Solo per la Sicilia e per lo specifico compito di garantire l’ordine e la sicurezza nelle zone rurali, nel marzo del 1877, venne realizzato il Corpo delle Guardie di Pubblica Sicurezza a Cavallo, in sostituzione dei Militi a Cavallo, retaggio garibaldino del 1860. Già da anni, si era percepita l’indispensabile necessità di dare a tutto il personale, in base al proprio grado ed alle proprie funzioni, un’idonea formazione professionale. Venne concepita, a Torino, la prima scuola tecnica, poi trasferita, nel 1876, a Roma.
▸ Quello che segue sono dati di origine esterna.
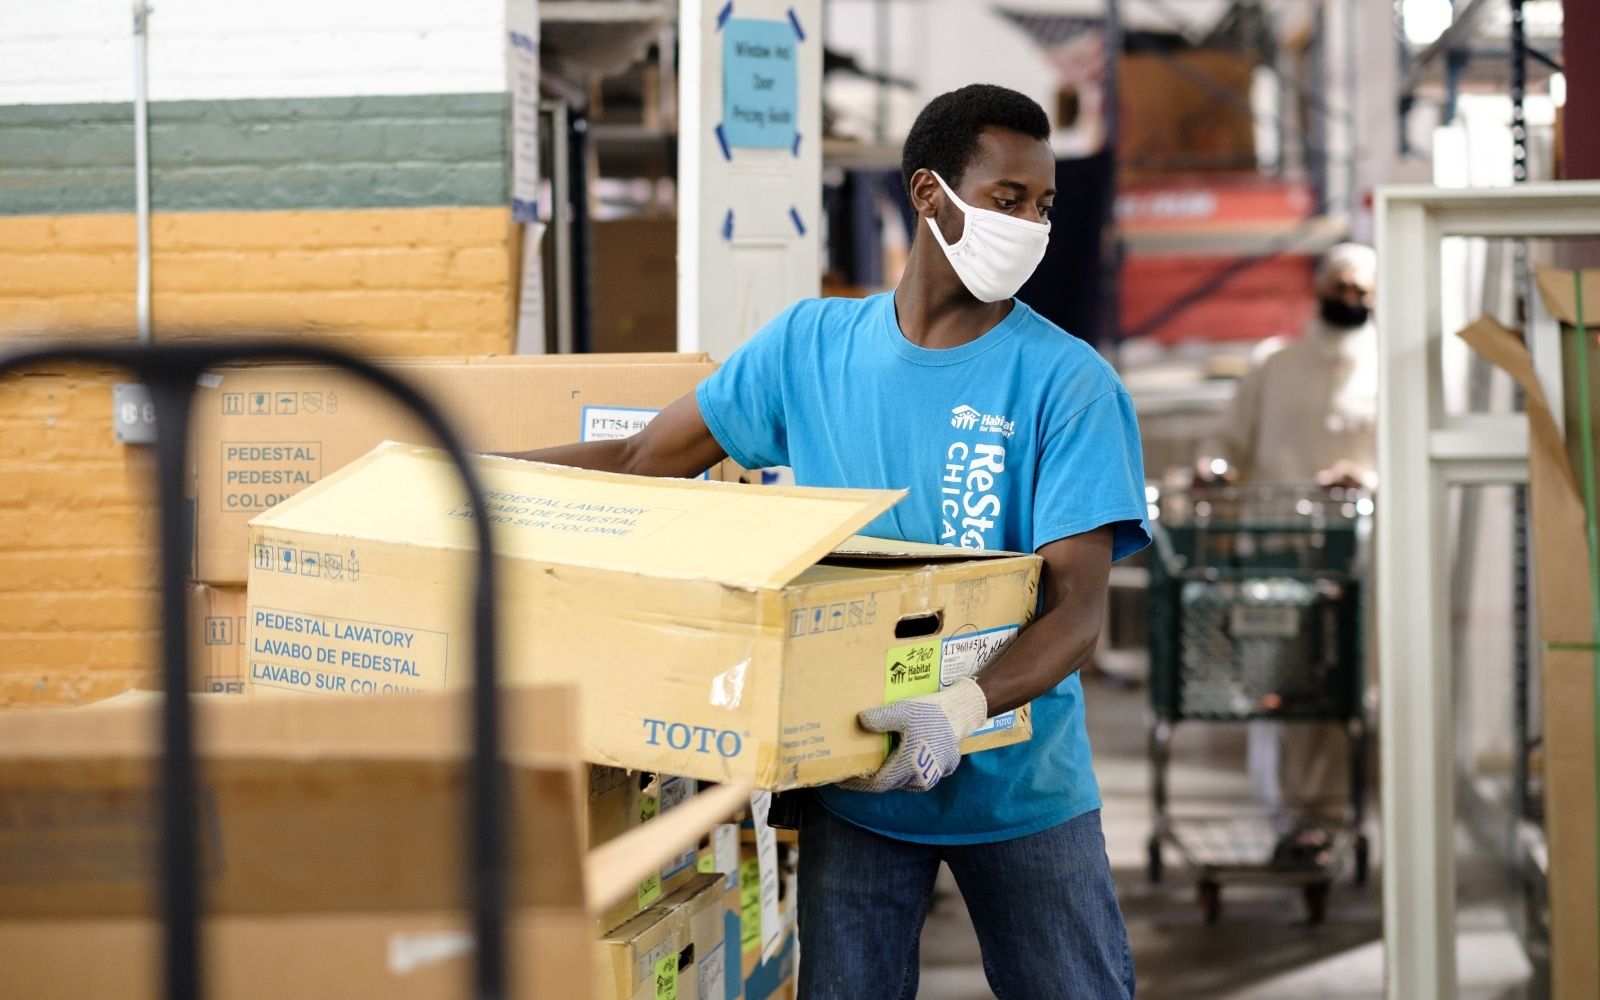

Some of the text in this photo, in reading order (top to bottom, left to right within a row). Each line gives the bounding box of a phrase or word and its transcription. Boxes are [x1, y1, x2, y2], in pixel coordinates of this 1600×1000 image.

[592, 418, 629, 430] PT754
[227, 447, 315, 461] PEDESTAL
[227, 470, 315, 484] PEDESTAL
[482, 490, 650, 516] PEDESTAL LAVATORY
[941, 442, 969, 549] CHICA
[513, 517, 551, 529] SUR
[551, 522, 634, 537] COLONNE
[530, 508, 557, 518] DE
[557, 512, 639, 528] PEDESTAL
[255, 611, 415, 649] PEDESTAL LAVATORY
[254, 638, 421, 678] LAVABO DE PEDESTAL
[906, 647, 935, 663] #960
[252, 663, 311, 687] LAVABO
[315, 673, 346, 692] SUR
[907, 663, 931, 676] Habitat
[995, 716, 1013, 727] TOTO
[643, 718, 743, 758] TOTO
Nel 1879 il Ministro dell’Interno, Tommaso Villa, volle a capo del Corpo, il Prefetto Giovanni Bolis. Sotto la direzione di quest’ultimo, l’amministrazione di P.S. subì la prima radicale riforma. Vennero create tre mastodontiche Divisioni, quella giudiziaria, quella amministrativa e quella relativa agli affari riservati. Fermamente convinto che l’ingresso di “giovani d’ingegno e forniti di buoni studi [lett.]”, desse un maggiore lustro all’immagine pubblica ed incentivasse la valorizzazione delle carriere, organizzò corsi a favore dei dirigenti e pretese, per i vertici gerarchici, il possesso della laurea. Parificò lo stipendio dei poliziotti a quello delle Guardie Municipali, ed introdusse, nelle Questure, i cosiddetti “Registri dei Pregiudicati”, con il correlato “servizio fotosegnaletico”, che prevedeva la schedatura delle istantanee dei criminali più pericolosi e la redazione delle statistiche sui reati commessi. Istituì nuovi servizi di vigilanza, nei teatri come sui treni ed attuò la stesura quotidiana di un bollettino di notizie estratte dagli atti ministeriali, affinché la stampa nazionale venisse a conoscenza degli avvenimenti giornalieri. Creò, con funzioni coadiuvanti, il ruolo degli agenti ausiliari, in ferma annuale, non obbligati a risiedere in caserma e liberi di contrarre matrimonio.